------ Material for the task

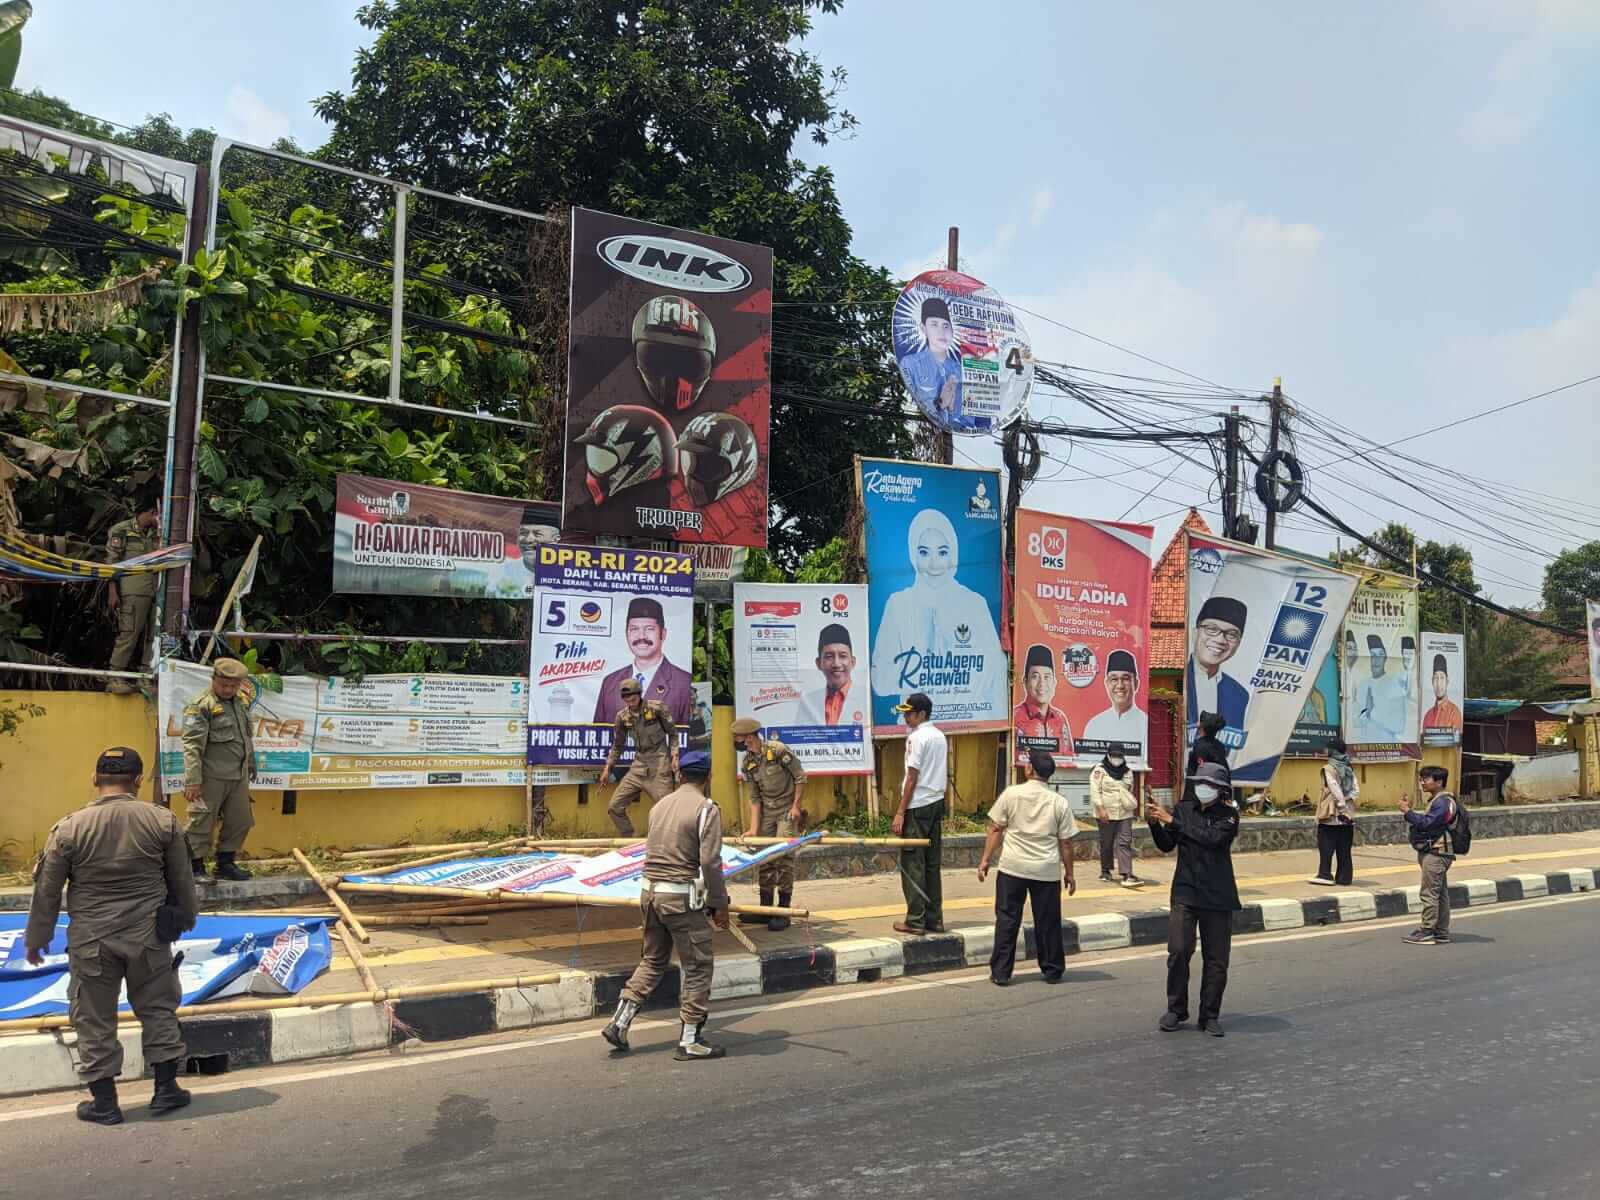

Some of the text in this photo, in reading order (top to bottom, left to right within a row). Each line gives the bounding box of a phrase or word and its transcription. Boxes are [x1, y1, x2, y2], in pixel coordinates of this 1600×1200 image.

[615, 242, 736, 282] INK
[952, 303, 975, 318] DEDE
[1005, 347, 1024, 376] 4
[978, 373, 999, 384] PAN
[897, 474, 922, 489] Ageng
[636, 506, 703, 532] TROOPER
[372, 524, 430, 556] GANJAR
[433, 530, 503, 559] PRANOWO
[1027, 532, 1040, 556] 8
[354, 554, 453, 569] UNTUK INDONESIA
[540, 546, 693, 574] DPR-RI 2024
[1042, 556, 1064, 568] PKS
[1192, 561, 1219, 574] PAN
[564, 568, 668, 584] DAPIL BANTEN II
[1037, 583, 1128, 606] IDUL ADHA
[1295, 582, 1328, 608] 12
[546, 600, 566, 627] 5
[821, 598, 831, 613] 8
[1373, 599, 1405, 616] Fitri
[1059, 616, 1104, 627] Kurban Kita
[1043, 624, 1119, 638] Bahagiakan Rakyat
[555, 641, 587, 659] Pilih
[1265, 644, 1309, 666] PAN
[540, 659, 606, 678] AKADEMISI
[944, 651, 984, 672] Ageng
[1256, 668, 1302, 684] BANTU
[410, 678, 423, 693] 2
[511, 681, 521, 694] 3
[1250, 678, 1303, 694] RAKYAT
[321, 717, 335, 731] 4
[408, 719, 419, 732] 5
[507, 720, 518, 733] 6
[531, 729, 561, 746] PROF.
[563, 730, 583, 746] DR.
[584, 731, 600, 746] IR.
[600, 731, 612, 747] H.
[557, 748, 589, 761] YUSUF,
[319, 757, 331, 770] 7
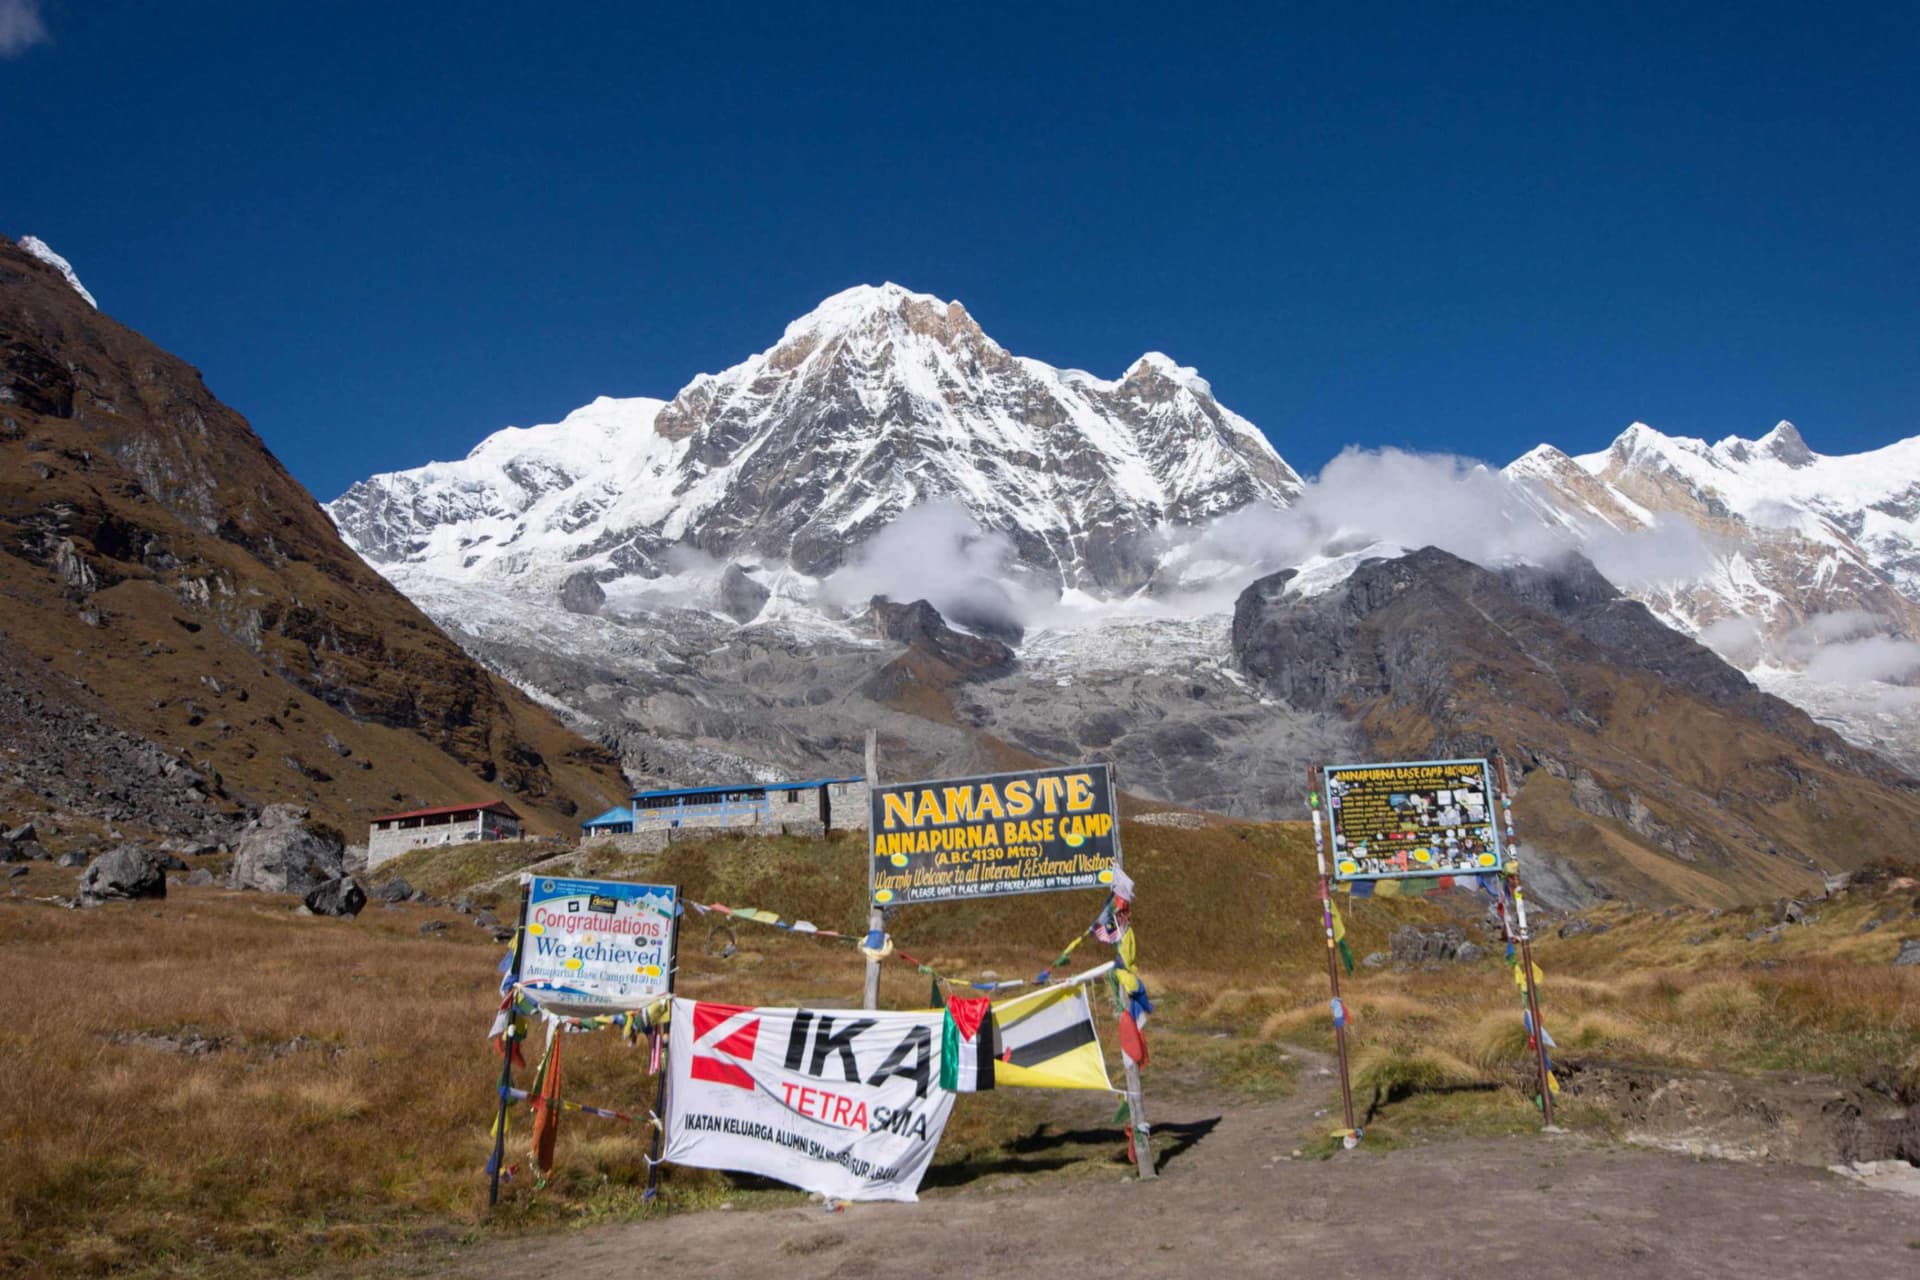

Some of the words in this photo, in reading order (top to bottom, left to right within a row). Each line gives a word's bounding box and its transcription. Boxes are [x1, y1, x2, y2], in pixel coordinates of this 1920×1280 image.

------------

> _Your objective_
All entries above must be printed again verbatim, with images excluded.

> _Reply_
Some of the text in this photo, in reading order (top to bottom, left to right within a row). Each line gives the bounding box of a phrase or word and its transcription. Boxes are [x1, y1, x2, y2], in pixel coordinates of this 1600×1200 image.

[615, 242, 736, 282] INK
[952, 303, 975, 318] DEDE
[1005, 347, 1024, 376] 4
[978, 373, 999, 384] PAN
[897, 474, 922, 489] Ageng
[636, 506, 703, 532] TROOPER
[372, 524, 430, 556] GANJAR
[433, 530, 503, 559] PRANOWO
[1027, 532, 1040, 556] 8
[354, 554, 453, 569] UNTUK INDONESIA
[540, 546, 693, 574] DPR-RI 2024
[1042, 556, 1064, 568] PKS
[1192, 561, 1219, 574] PAN
[564, 568, 668, 584] DAPIL BANTEN II
[1037, 583, 1128, 606] IDUL ADHA
[1295, 582, 1328, 608] 12
[546, 600, 566, 627] 5
[821, 598, 831, 613] 8
[1373, 599, 1405, 616] Fitri
[1059, 616, 1104, 627] Kurban Kita
[1043, 624, 1119, 638] Bahagiakan Rakyat
[555, 641, 587, 659] Pilih
[1265, 644, 1309, 666] PAN
[540, 659, 606, 678] AKADEMISI
[944, 651, 984, 672] Ageng
[1256, 668, 1302, 684] BANTU
[410, 678, 423, 693] 2
[511, 681, 521, 694] 3
[1250, 678, 1303, 694] RAKYAT
[321, 717, 335, 731] 4
[408, 719, 419, 732] 5
[507, 720, 518, 733] 6
[531, 729, 561, 746] PROF.
[563, 730, 583, 746] DR.
[584, 731, 600, 746] IR.
[600, 731, 612, 747] H.
[557, 748, 589, 761] YUSUF,
[319, 757, 331, 770] 7

Some of the words in this photo, in reading order (top to bottom, left to right within a row). Each line gives a word's bounding box and its transcription. Boxes are [x1, y1, x2, y2], in pixel coordinates of this 1920×1280 image.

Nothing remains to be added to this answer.